Classification of gymnosperms-Characters,Life cycle,Imp..


As the name suggests, the division spermatophyte (sperma=seed, phyton=plant) includes all the seed-bearing plants. It has been divided into two sub-divisions

  • Gymnosperms
  • Angiosperms.

The sub-division Gymnosperms (gymnos=naked, sperma=seed) includes simpler and primitive plants of the division Spermatophyta. They are characterized by the presence of naked ovules, borne unprotected(without seed coat) on the surface of the megasporophylls.

Hence, unlike angiosperms, the seeds of gymnosperms are not enclosed in the ovary. Gymnosperm is named so because they bear naked seeds, i.e. the ovules, and the seeds are not enclosed within the fruit wall.

Goebel referred to them as “Phanerogams without ovary”. Thus these are all seed plants without fruits. In comparison to angiosperms, it is a smaller group having only 900 species. Even then they are distributed throughout the whole world.
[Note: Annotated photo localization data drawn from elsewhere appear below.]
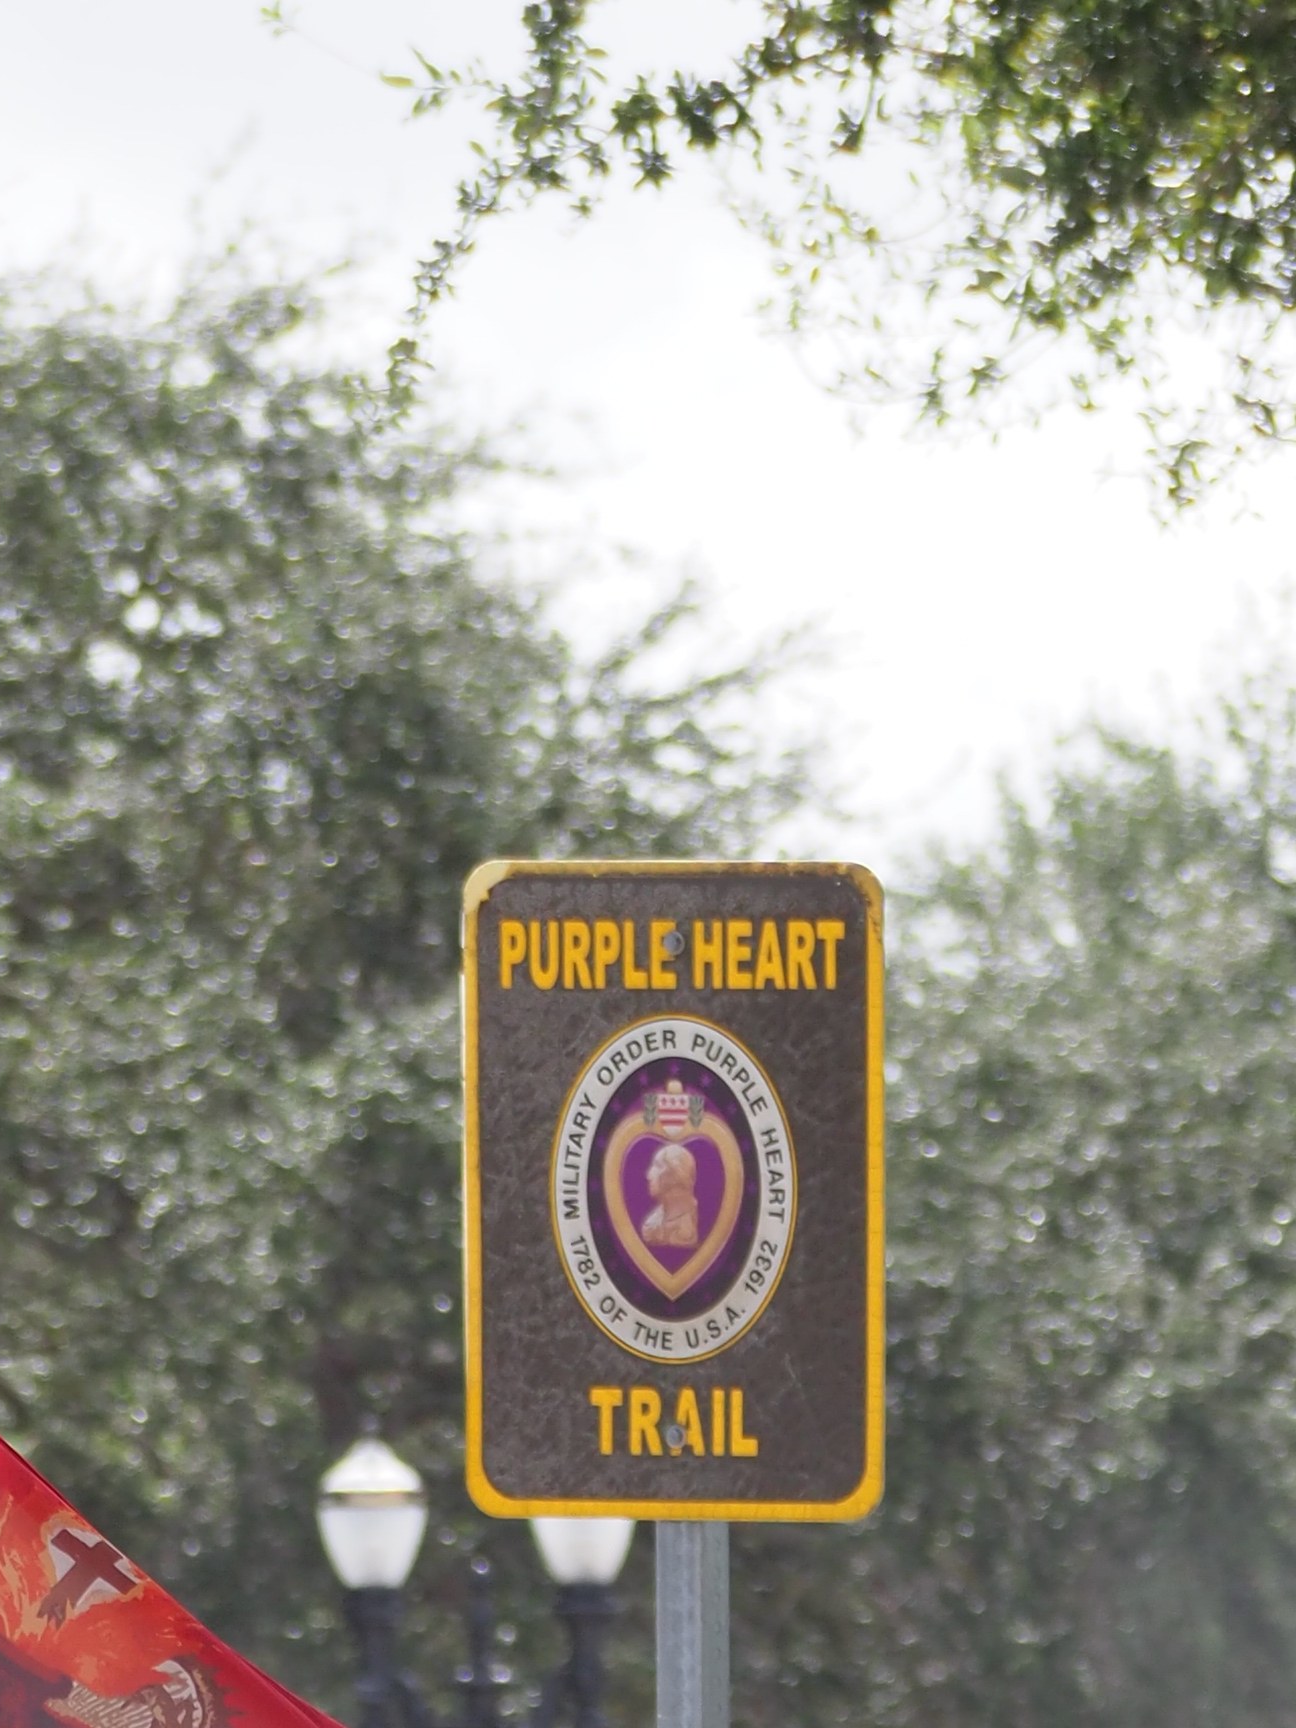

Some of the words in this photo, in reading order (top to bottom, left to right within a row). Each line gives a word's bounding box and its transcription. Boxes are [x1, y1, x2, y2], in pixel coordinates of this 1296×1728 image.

[499, 918, 678, 990] PURPLE
[692, 918, 846, 990] HEART
[562, 1092, 598, 1220] MILITARY
[597, 1029, 677, 1086] ORDER
[691, 1033, 768, 1117] PURPLE
[760, 1127, 786, 1224] HEART
[570, 1235, 601, 1291] 1782
[599, 1295, 628, 1325] OF
[632, 1321, 673, 1350] THE
[685, 1305, 746, 1349] U.S.A.
[744, 1239, 778, 1295] 1932
[588, 1385, 760, 1457] TRAIL
classification of gymnosperms
Fig. Encephalartos sclavoi cone, about 30 cm long Source Wikipedia

Most of the Gymnosperms are making the dominant vegetation in the temperate coniferous forest. They are more advanced than pteridophytes. Many gymnosperms are fossils.
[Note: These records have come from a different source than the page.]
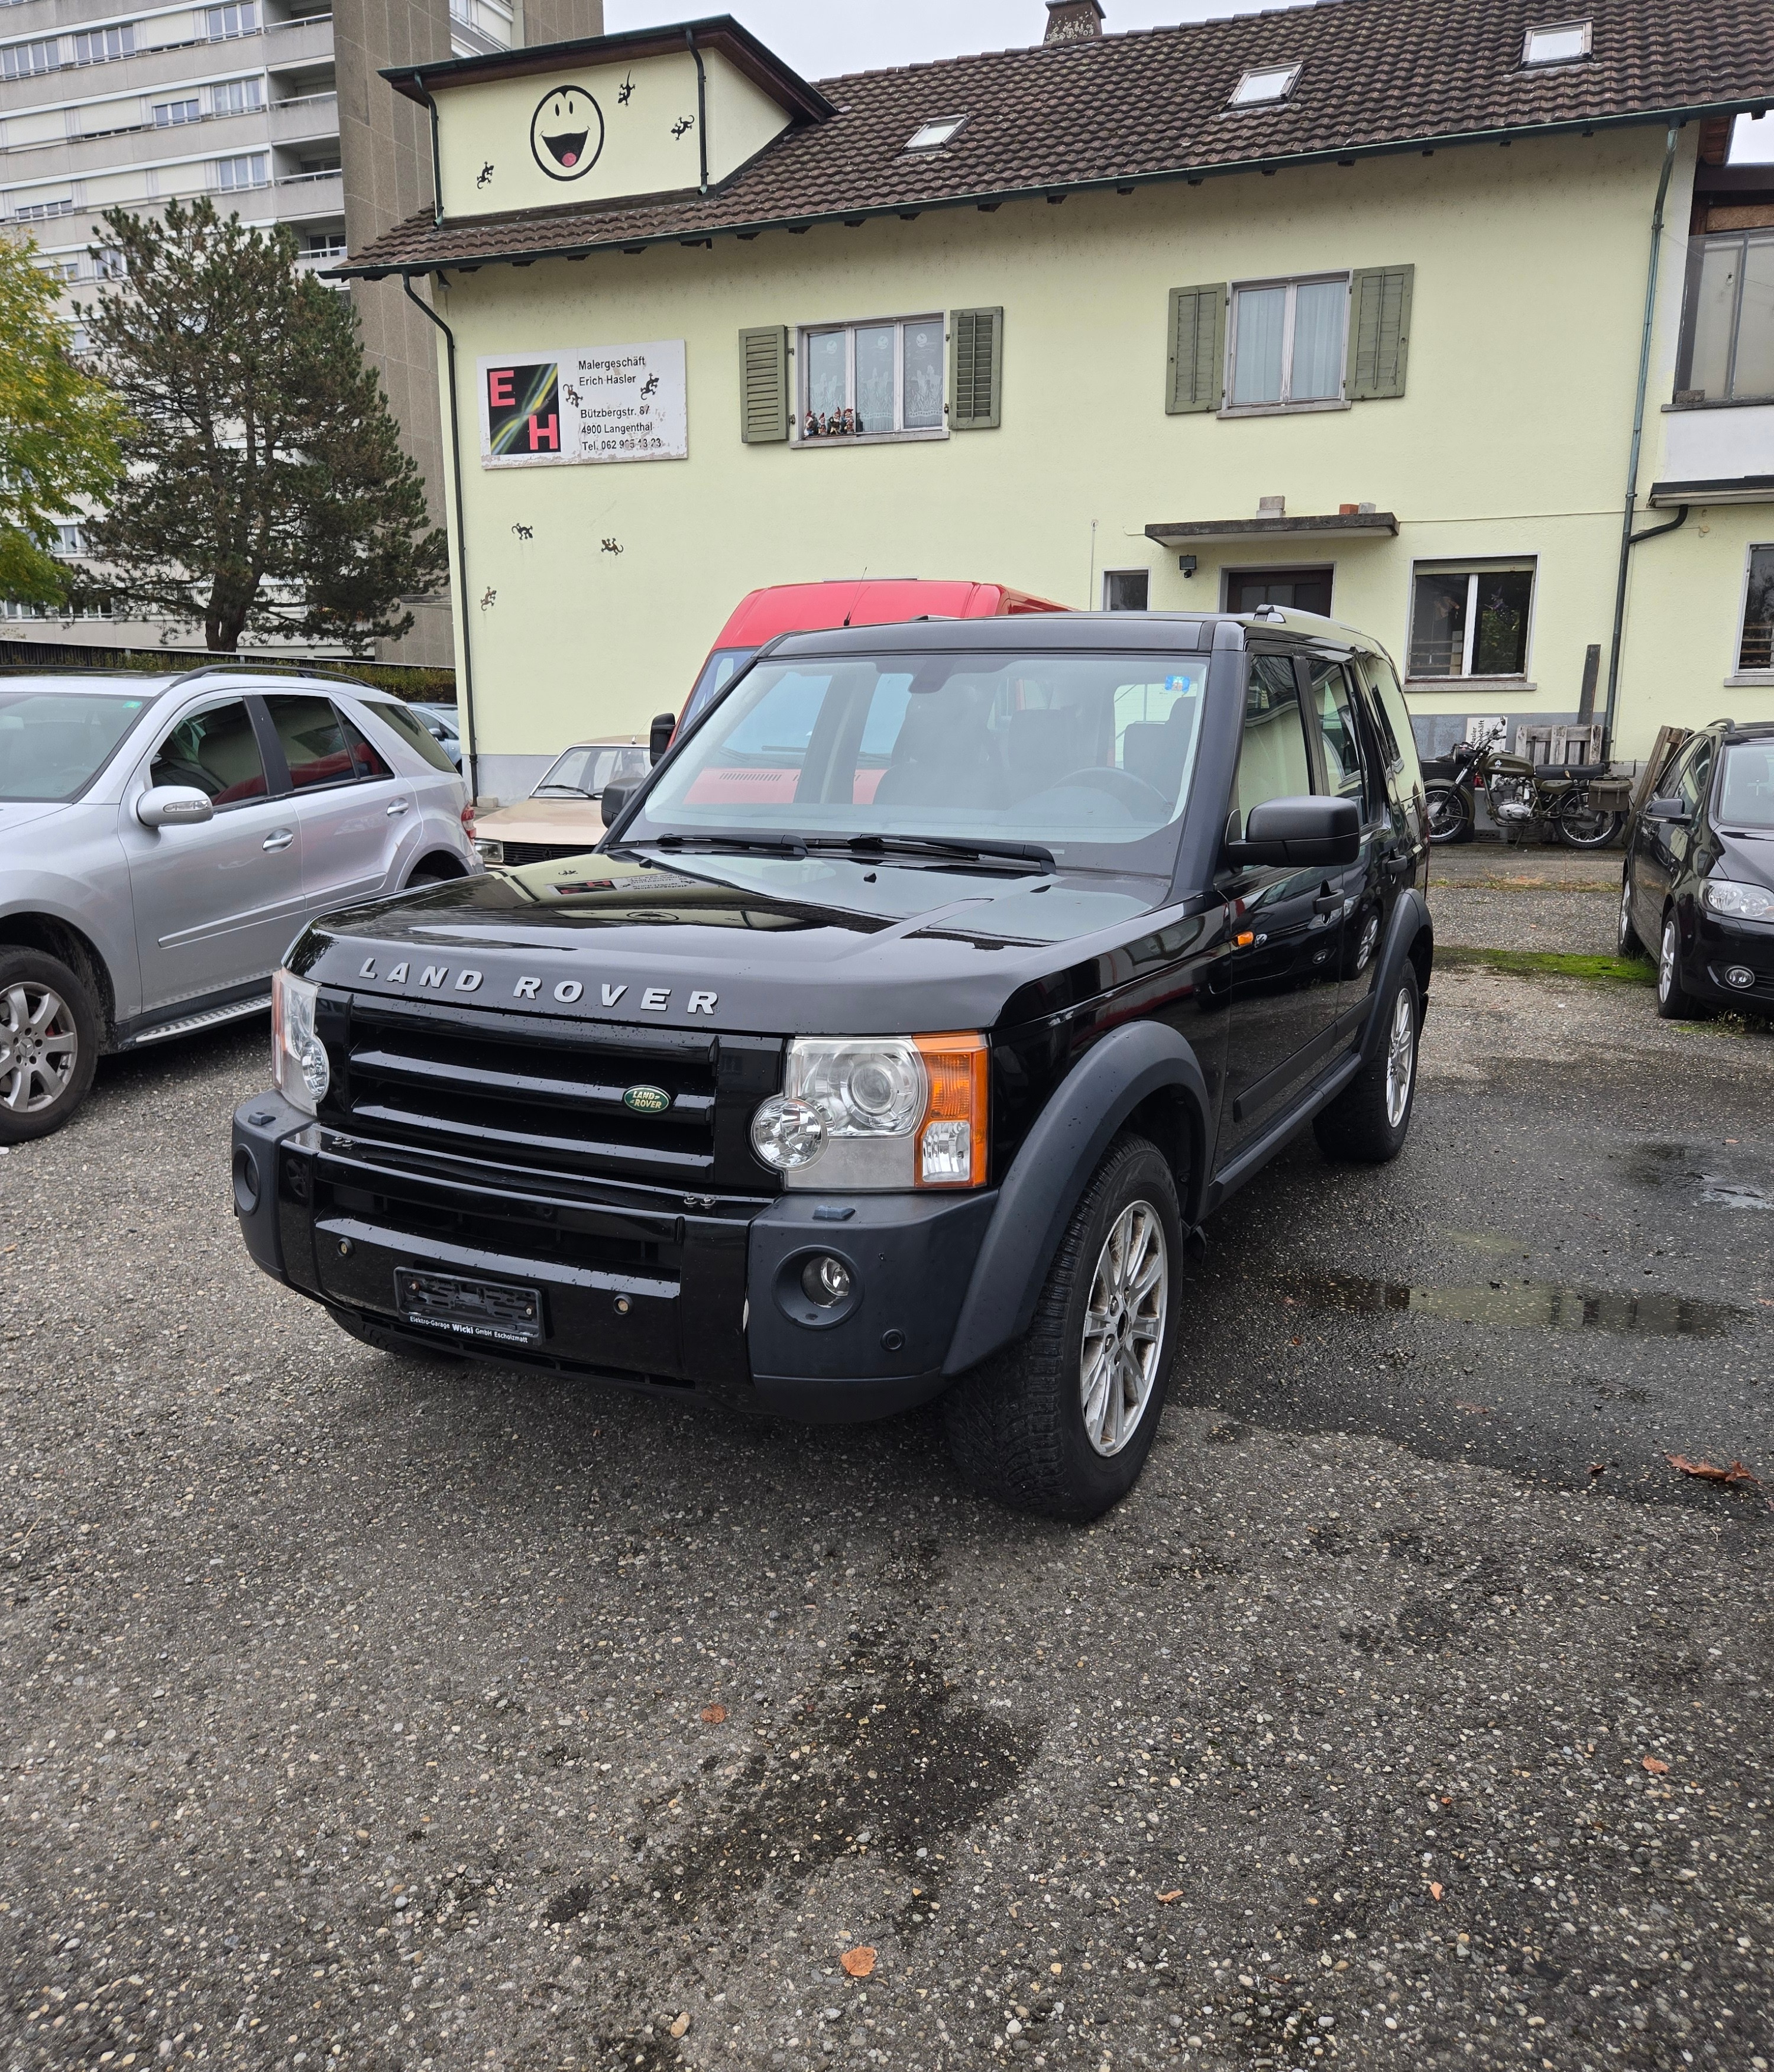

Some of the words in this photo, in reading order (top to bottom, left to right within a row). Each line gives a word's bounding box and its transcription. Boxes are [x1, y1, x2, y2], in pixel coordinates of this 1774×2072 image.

[578, 356, 645, 371] Malergeschäft
[579, 375, 603, 386] Erich
[606, 374, 636, 384] Hasler
[490, 370, 516, 407] E
[580, 407, 637, 419] Bützbergstr.
[529, 414, 558, 450] H
[581, 424, 602, 435] 4900
[604, 422, 653, 435] Langenthal
[582, 441, 598, 451] Tel.
[601, 440, 617, 449] 062
[358, 957, 484, 992] LAND
[513, 976, 718, 1015] ROVER
[632, 1091, 655, 1100] LAND
[634, 1099, 662, 1109] ROVER
[410, 1316, 451, 1329] Elektro-Garage
[452, 1323, 474, 1335] Wicki
[475, 1328, 492, 1336] GmbH
[494, 1331, 528, 1343] Escholzmatt
Earlier gymnosperms were not regarded as a separate group and the members now included in this group were treated with angiosperms.

But Robert Brown (1827) for the first time recognized them as a group distinct from angiosperms due to the presence of naked ovules. On the basis of wood structure, Seward (1919) divided gymnosperm into two classes-

Class 1– Manoxylic- Wood is not compact due to the presence of a well-developed pith and cortex and broad medullary rays.
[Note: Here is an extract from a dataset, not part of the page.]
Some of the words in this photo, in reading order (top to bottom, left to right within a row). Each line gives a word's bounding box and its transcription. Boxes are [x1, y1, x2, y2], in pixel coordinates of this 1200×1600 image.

Class 2– Pycnoxylic- Wood is compact Because the pith and cortex are reduced and medullary rays are narrow. Three orders (Cycadales, Cycadeoidales, and Cycadofilicales) were recognized in Manoxylic and Four orders  (Cordaitales, Ginkgoales, Coniferales, and Gnetales) in Pycnoxylic.

Gymnosperms are the most ancient group of seed plants, originating in the Palaeozoic era. The geological records show that they were dominant plants over the earth’s surface during the Jurassic and Cretaceous periods of the Mesozoic era.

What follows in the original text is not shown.